Jimmy loved the stories in the Book of Mormon and started sharing them with his friends. But because he was still worried that he was being misled by the devil, he prayed earnestly "please help me to know so I won't be led astray". He had a profound answer with a strong feeling through his whole body, and a voice saying "it is true, don't be afraid, it is true, and because I love the world, I have given it to you". After that he kept reading and studying the Book of Mormon, and thanked the Lord often for the gift of the book.
Antananarivo, Madagascar
It was
almost a year later when he and his cousin started studying again with another set of missionaries. This time when they invited him to be baptized he fasted and
prayed, and realized the baptism needed to be with priesthood authority. He and his cousin were both baptized as Latter-day Saints when he
was 22. Then he approached his Bishop and asked if he could serve a mission,
but at first he was told he was too old. He kept asking and finally he was called at the age of 24 to the Capetown South Africa Mission.
After his mission he married Noro and he studied to be a doctor. They had two children when they decided to move to France, but France did not accept his credentials so he worked as a nurse aide. As an answer to his prayers he finally saw an opening for a medical intern in neurology. He was accepted because the post had been vacant for two years, so they waived some of the credential requirements. He kept working and studying for nine years until he qualified as a neurologist, and he started working at the hospital.
After a few
years he decided to start his own independent practice. About that time a service missionary in his ward told everyone about BYU Pathway. He had
always wished he could study at BYU, but concluded it would never be possible. He knew what it was like to both work and study, as he had for nine years. Now that his earlier studies were over, he would have
time to study something new. He joined BYU Pathway and signed up for business management, to help him
run and grow his medical practice. His life was busier now with five children,
but he took one class at a time and is now about halfway to his bachelors
degree.
At one time after his baptism, Jimmy looked for the original missionaries who had given him the Book of Mormon. Jimmy discovered that Elder Prescott had tragically died in a car accident during his mission.

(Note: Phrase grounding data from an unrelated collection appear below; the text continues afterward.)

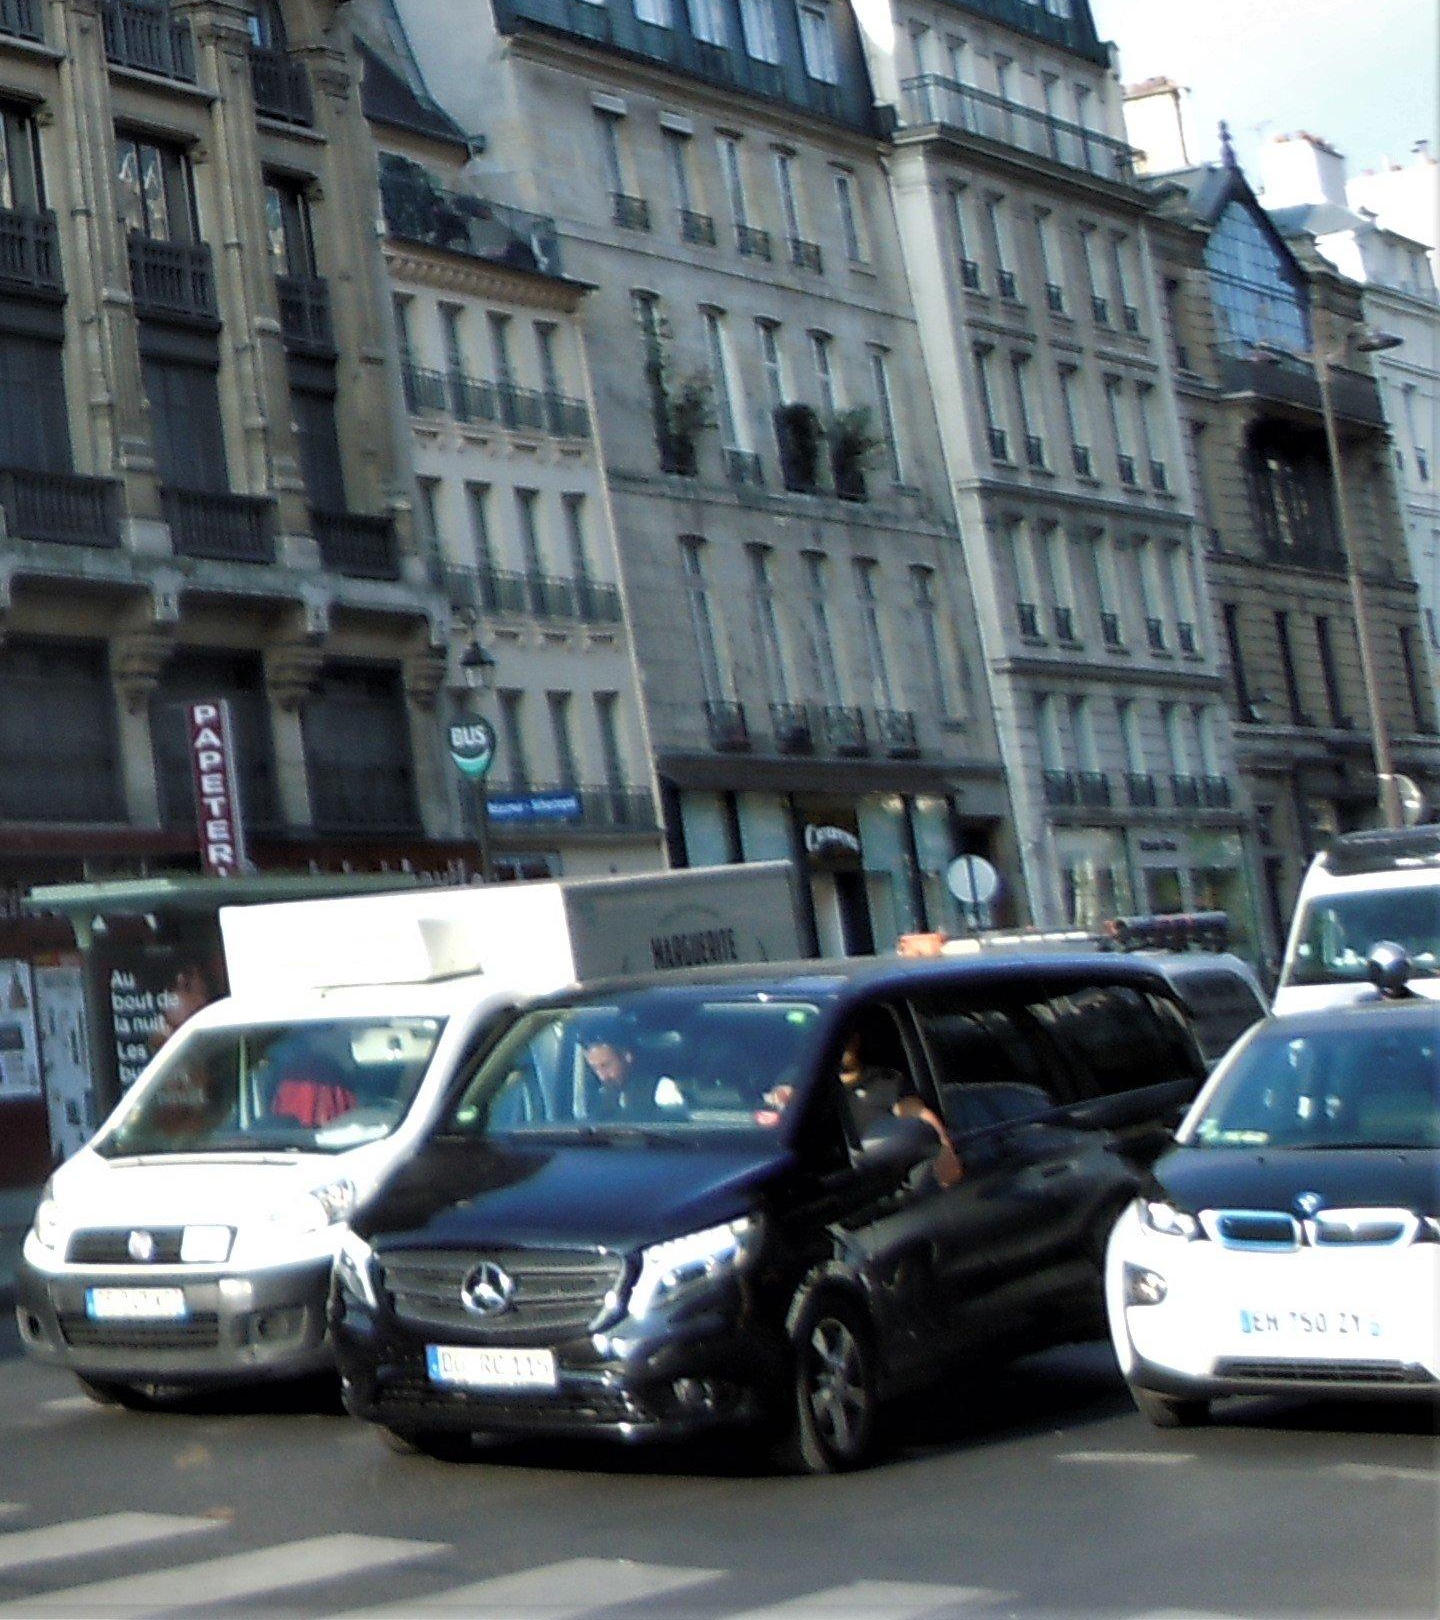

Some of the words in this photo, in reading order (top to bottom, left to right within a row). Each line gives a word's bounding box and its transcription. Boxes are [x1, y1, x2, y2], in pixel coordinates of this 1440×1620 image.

[450, 726, 487, 748] BUS
[193, 704, 234, 878] PAPETER
[111, 968, 135, 990] Au
[111, 991, 153, 1011] bout
[157, 989, 180, 1011] de
[114, 1013, 131, 1033] la
[117, 1041, 148, 1061] Les
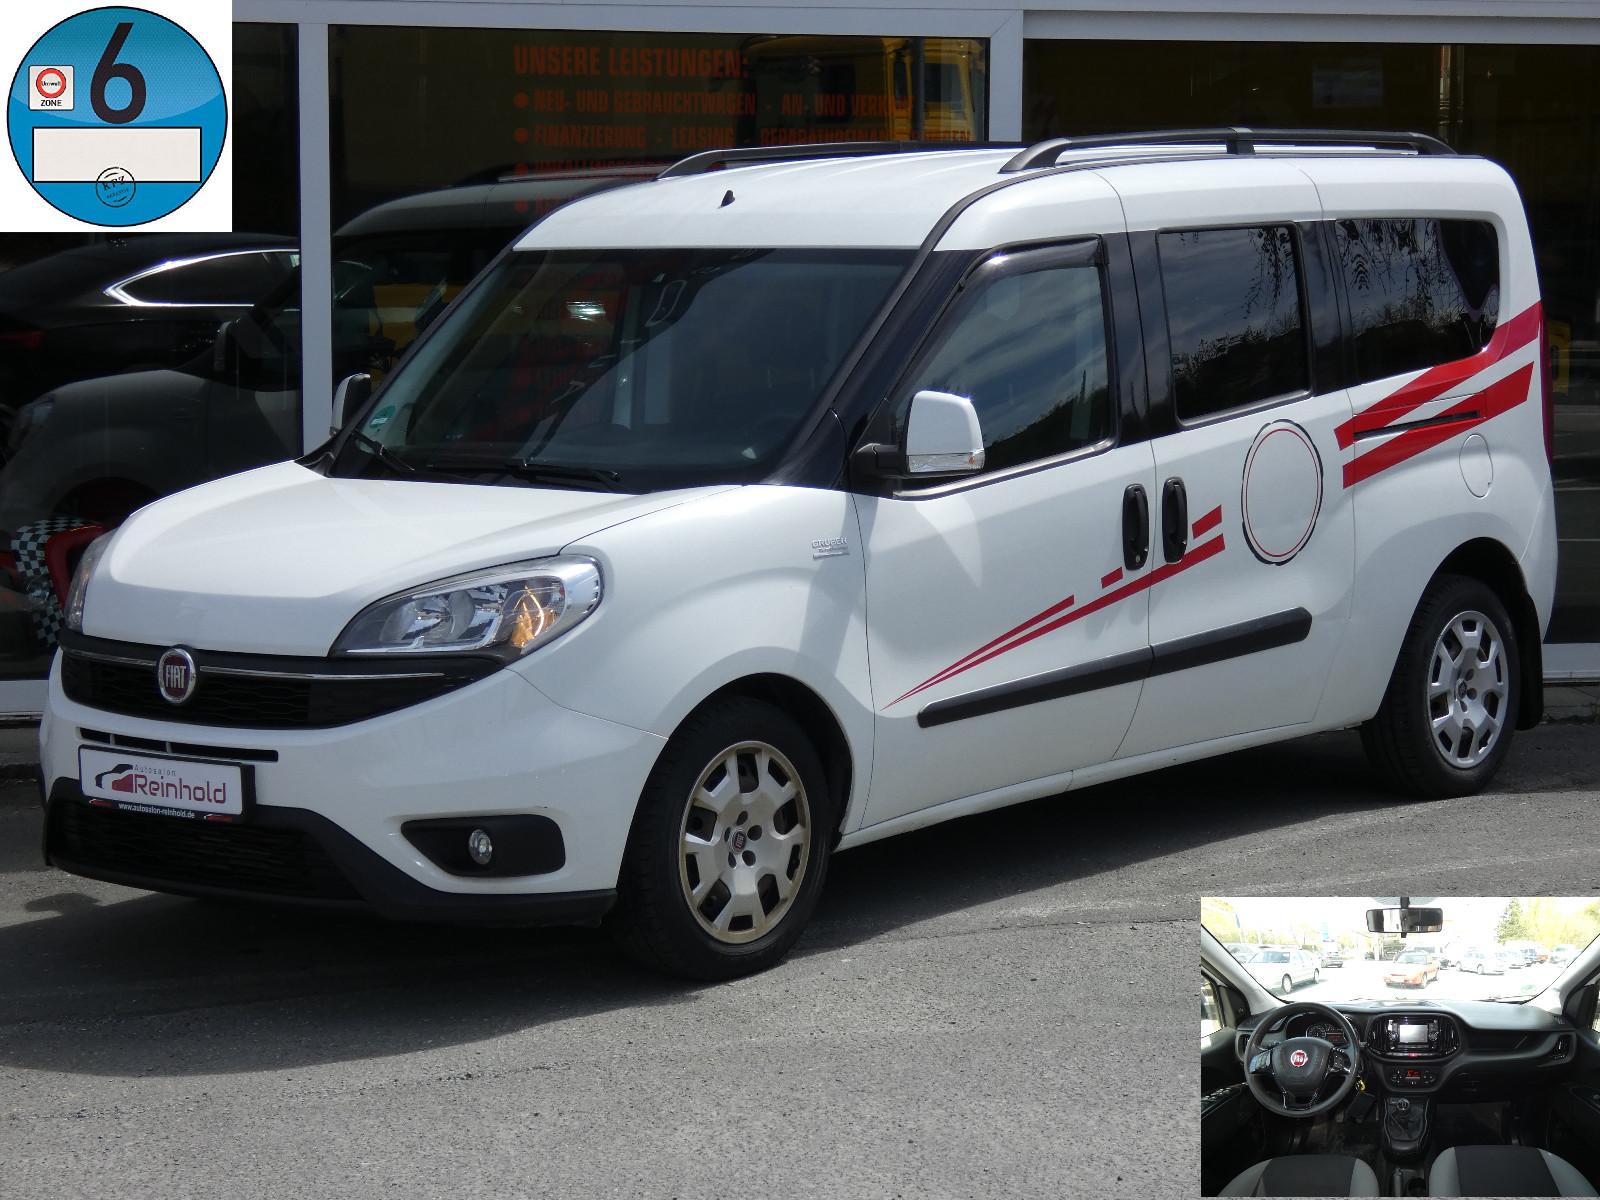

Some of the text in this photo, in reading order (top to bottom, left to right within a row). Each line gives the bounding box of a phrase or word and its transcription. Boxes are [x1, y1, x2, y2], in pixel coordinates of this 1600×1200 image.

He contacted Elder Prescott’s parents in Utah who had established a foundation named after their son, the Jared Prescott Charitable Trust. Their goals include supporting education in Madagascar, and one of their projects is supplying students with computers for BYU Pathway. Jimmy is assisting and supporting their project, and he and his wife Noro took the first shipment of 33 laptops to Madagascar in January, 2026.
Elder Prescott had been one of the first missionaries in
Madagascar, and was remembered as a superstar in everything he did. He had taken Jimmy a Book of Mormon and started teaching him, but Jimmy had stopped the lessons. Elder Prescott probably never knew that
Jimmy and his cousin were eventually baptized. And he didn’t know then that Jimmy
would go on to serve a mission, and to raise 4 sons who all went on missions.
He also didn’t know then that so many students in Madagascar would join BYU
Pathway, and that the trust his parents established would continue to support
them in their goals to raise Madagascar out of poverty.